• Goal of the exercise
Copy every line of the records exactly, without including the images.

• Recorded data
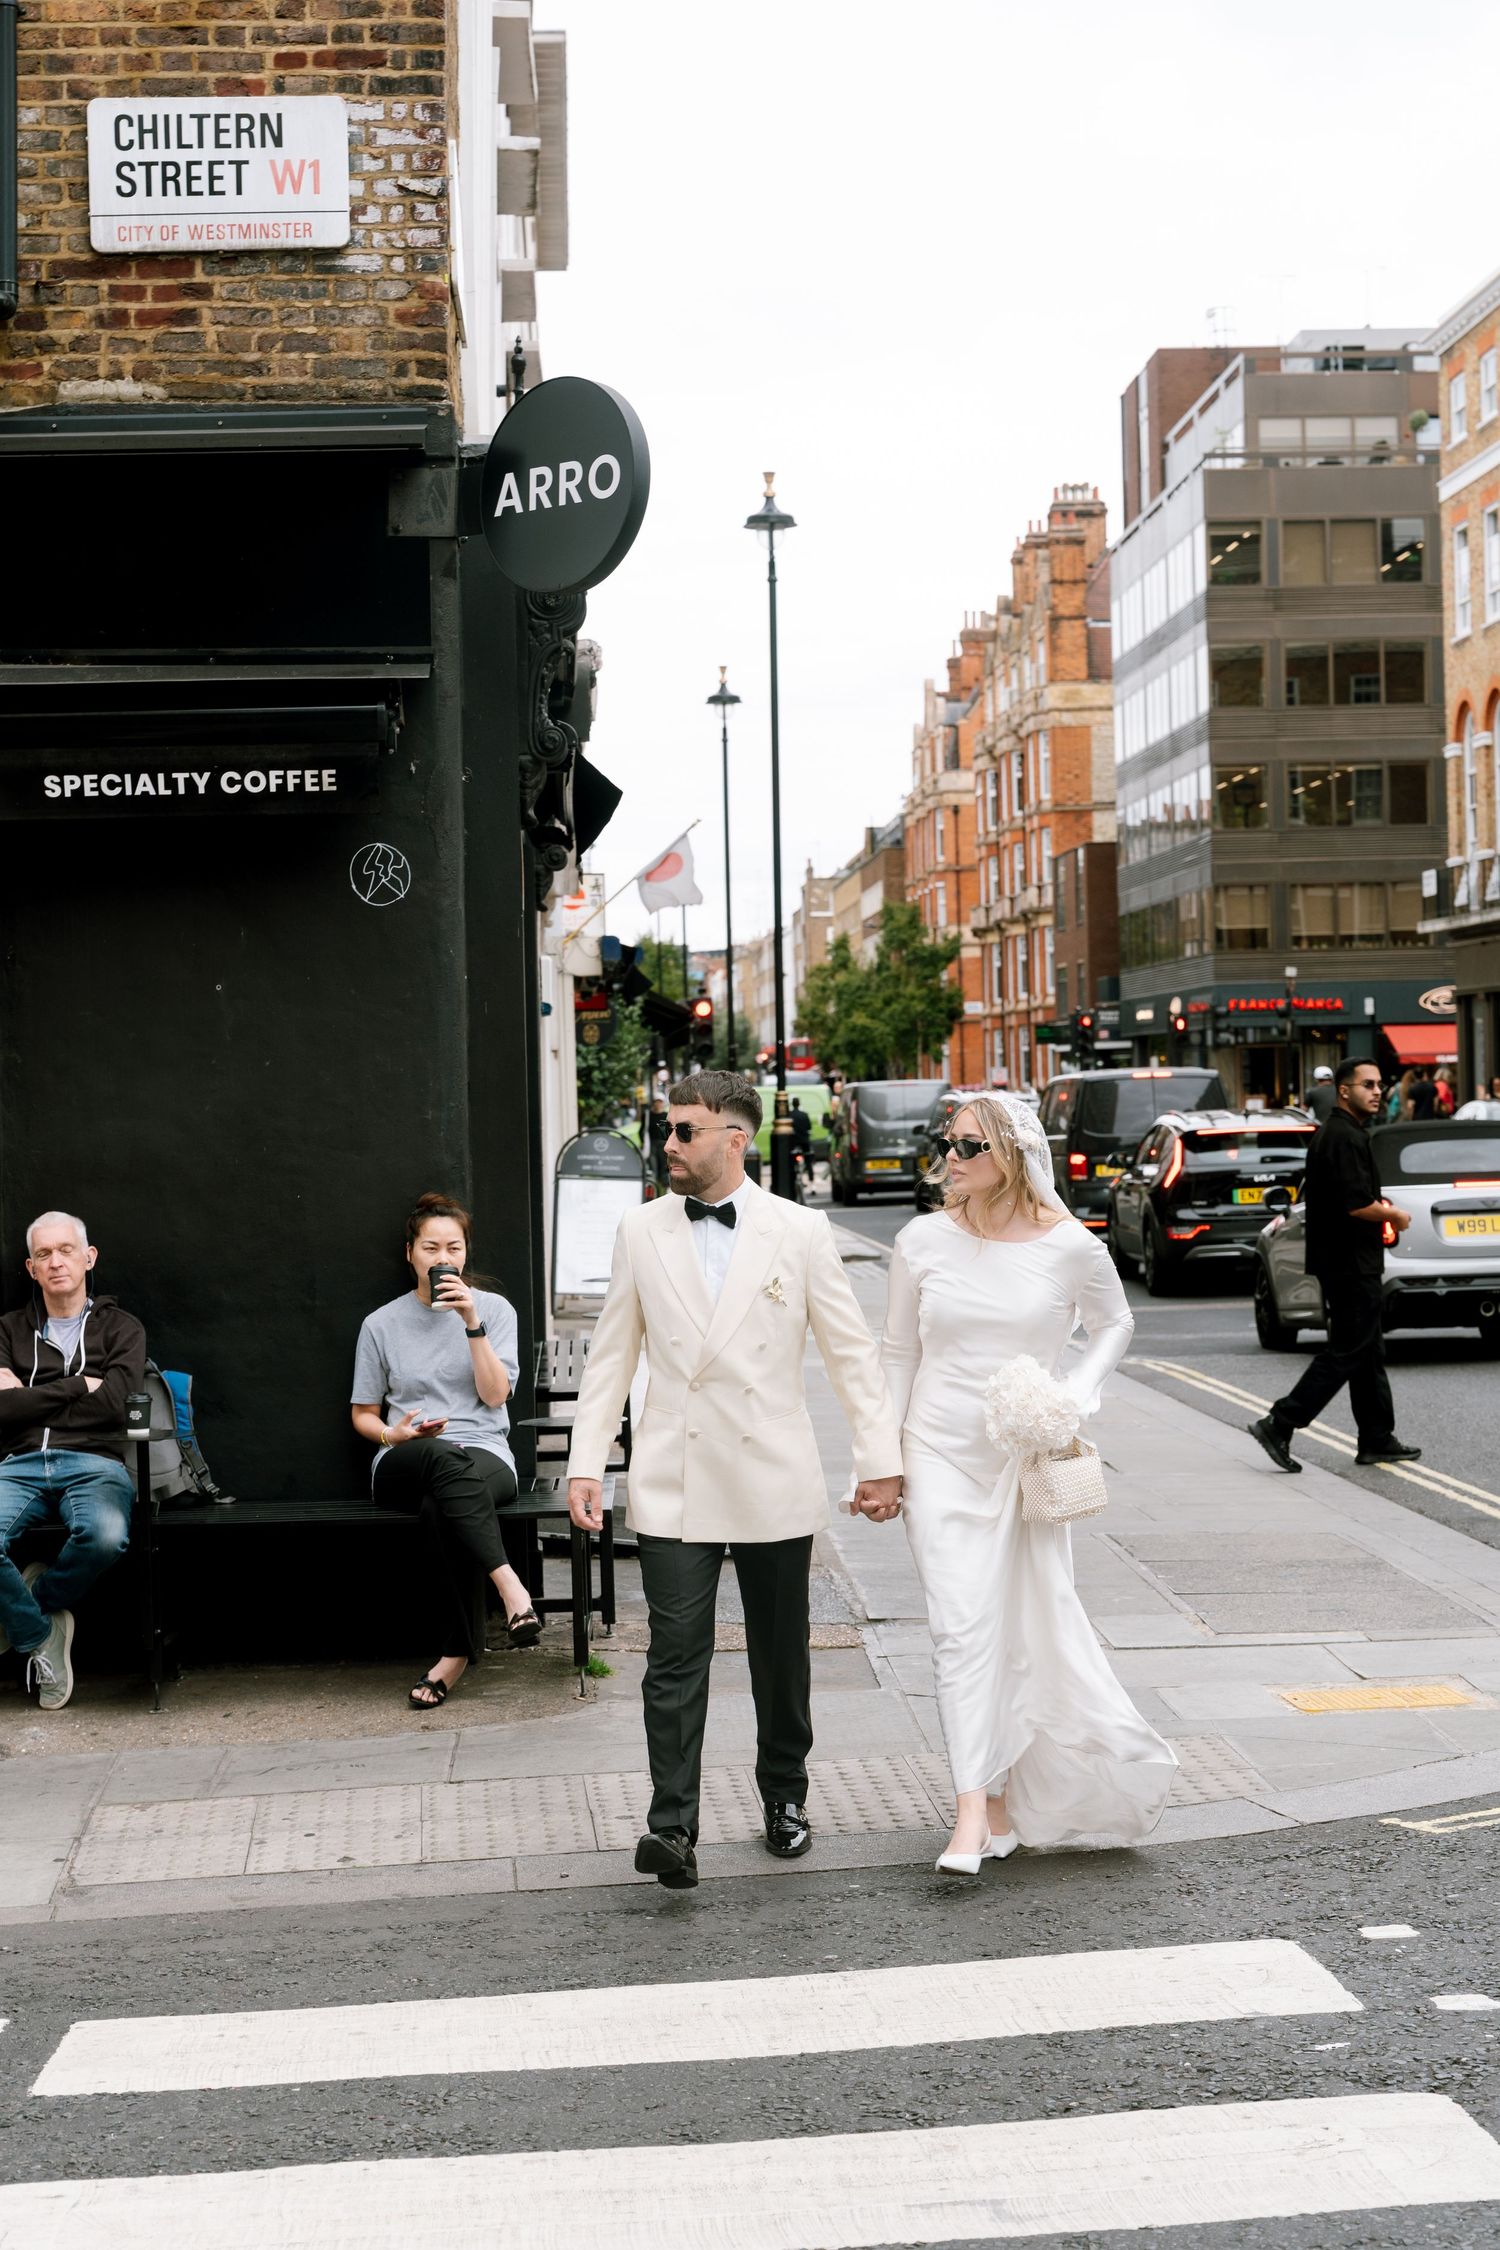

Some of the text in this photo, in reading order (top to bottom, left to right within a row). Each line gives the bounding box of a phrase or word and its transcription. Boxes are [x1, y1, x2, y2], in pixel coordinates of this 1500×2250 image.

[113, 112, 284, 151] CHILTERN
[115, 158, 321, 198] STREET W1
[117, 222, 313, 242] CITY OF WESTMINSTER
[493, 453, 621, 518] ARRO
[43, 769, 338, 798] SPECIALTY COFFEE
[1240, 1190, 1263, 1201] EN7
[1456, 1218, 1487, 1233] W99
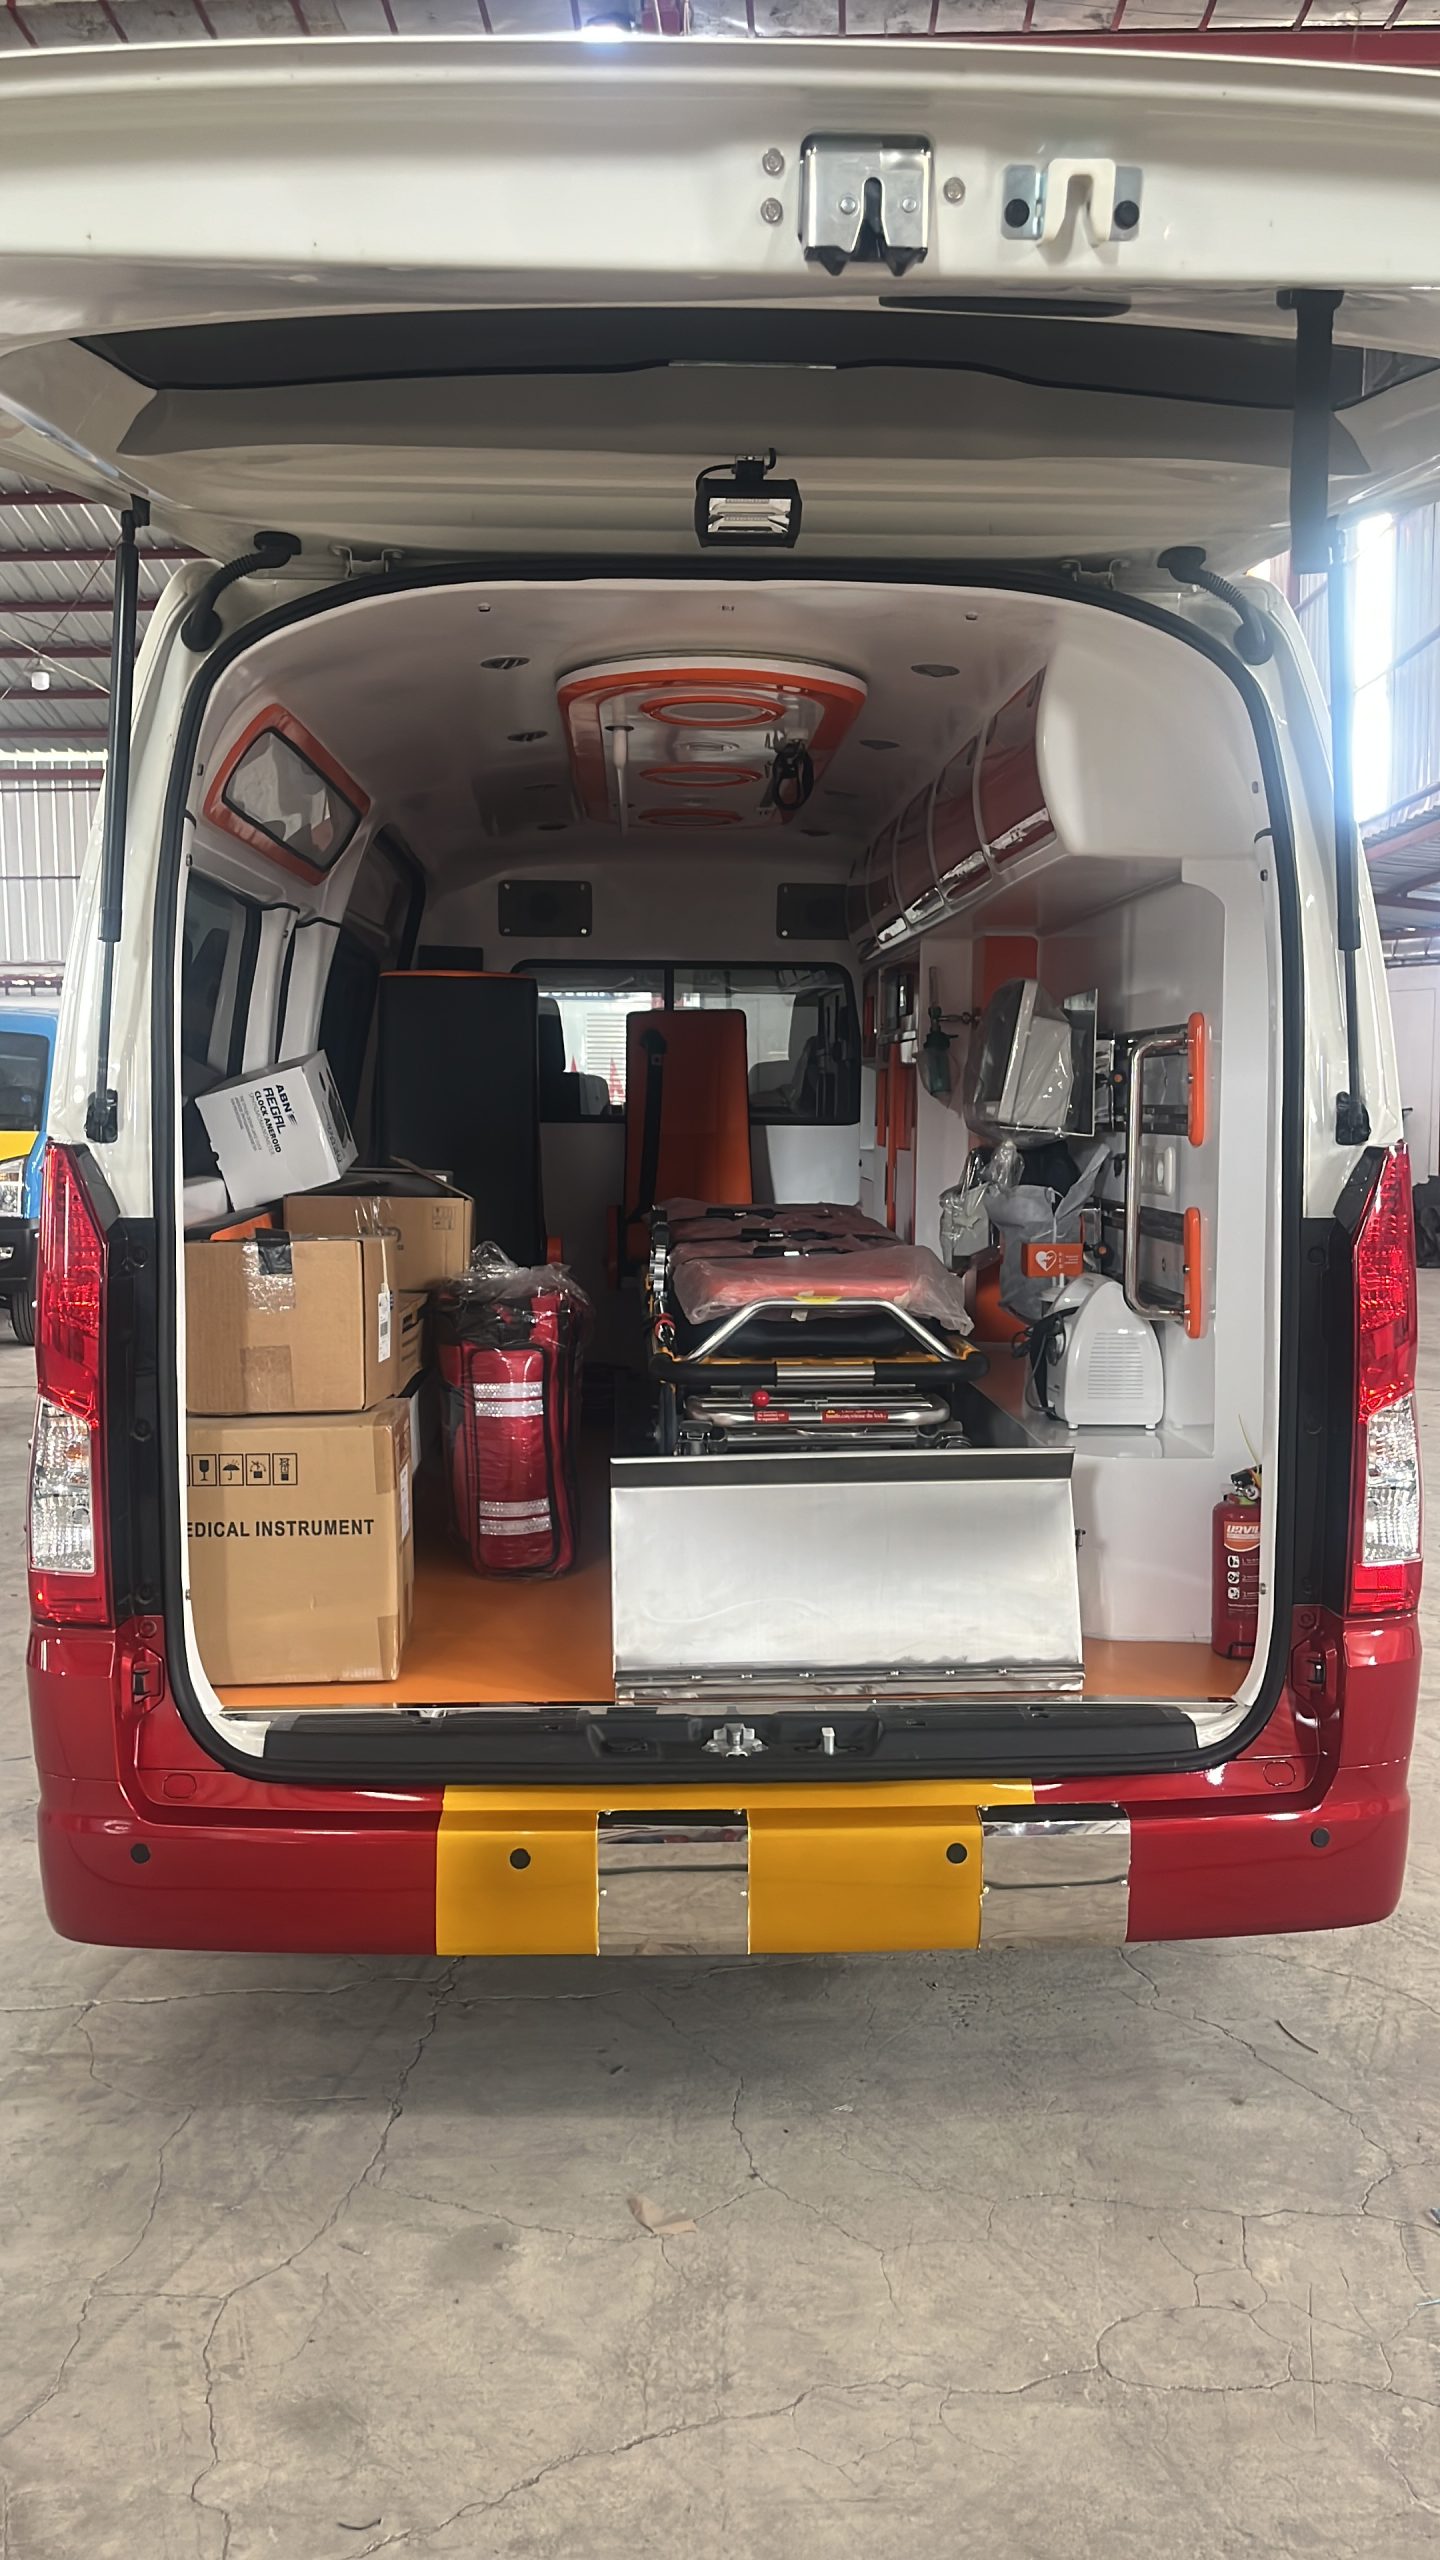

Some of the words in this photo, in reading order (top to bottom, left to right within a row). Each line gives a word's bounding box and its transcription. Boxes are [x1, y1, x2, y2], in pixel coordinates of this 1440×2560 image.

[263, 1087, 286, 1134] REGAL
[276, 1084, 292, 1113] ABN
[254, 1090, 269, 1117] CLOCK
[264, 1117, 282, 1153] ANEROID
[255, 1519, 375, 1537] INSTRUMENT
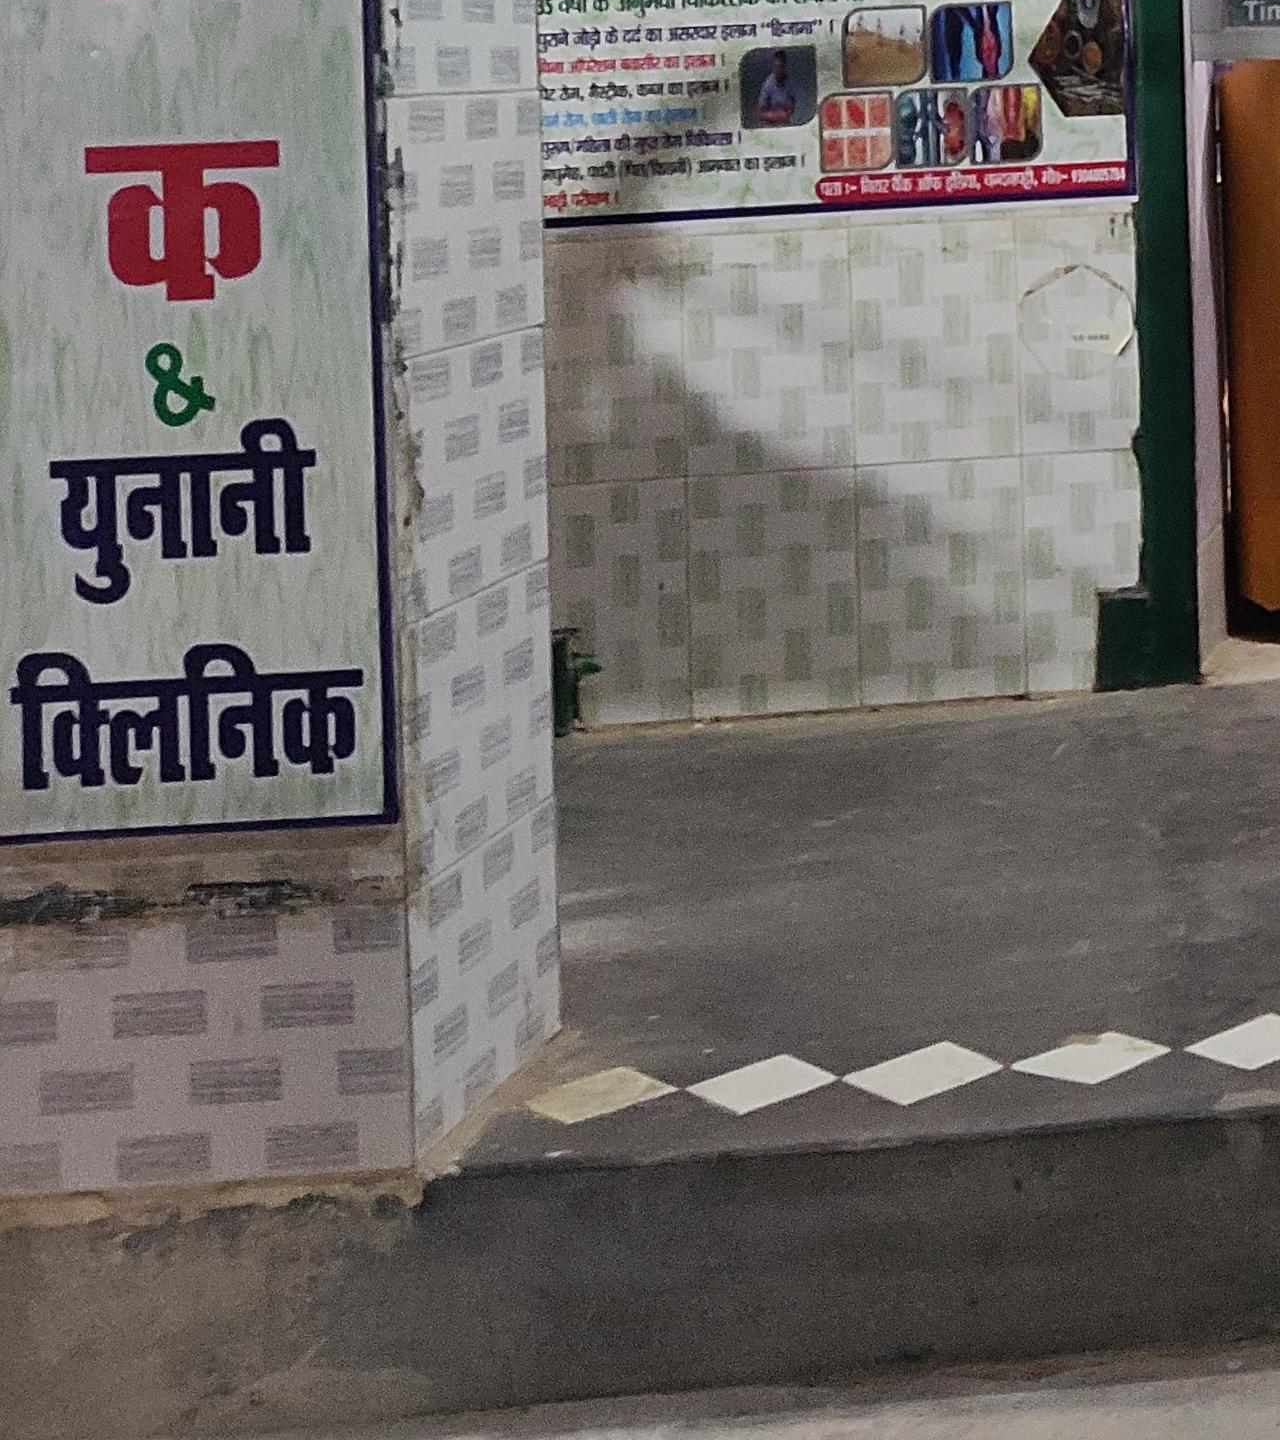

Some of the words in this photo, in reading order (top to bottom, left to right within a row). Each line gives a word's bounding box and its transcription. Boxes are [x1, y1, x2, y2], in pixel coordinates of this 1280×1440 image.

• Reply
Some of the text in this photo, in reading order (top to bottom, left to right within a row). Each line gives the bounding box of a phrase or word and its transcription. Boxes are [x1, y1, x2, y2], in pixel coordinates of this 1500×2250 image.

[113, 112, 284, 151] CHILTERN
[115, 158, 321, 198] STREET W1
[117, 222, 313, 242] CITY OF WESTMINSTER
[493, 453, 621, 518] ARRO
[43, 769, 338, 798] SPECIALTY COFFEE
[1240, 1190, 1263, 1201] EN7
[1456, 1218, 1487, 1233] W99

Some of the words in this photo, in reading order (top to bottom, left to right within a row). Each line gives a word's bounding box and its transcription. Boxes are [x1, y1, x2, y2], in pixel coordinates of this 1440×2560 image.

[263, 1087, 286, 1134] REGAL
[276, 1084, 292, 1113] ABN
[254, 1090, 269, 1117] CLOCK
[264, 1117, 282, 1153] ANEROID
[255, 1519, 375, 1537] INSTRUMENT

Some of the words in this photo, in reading order (top to bottom, left to right within a row). Each line gives a word's bounding box and its transcription. Boxes are [x1, y1, x2, y2], in pixel coordinates of this 1280×1440 image.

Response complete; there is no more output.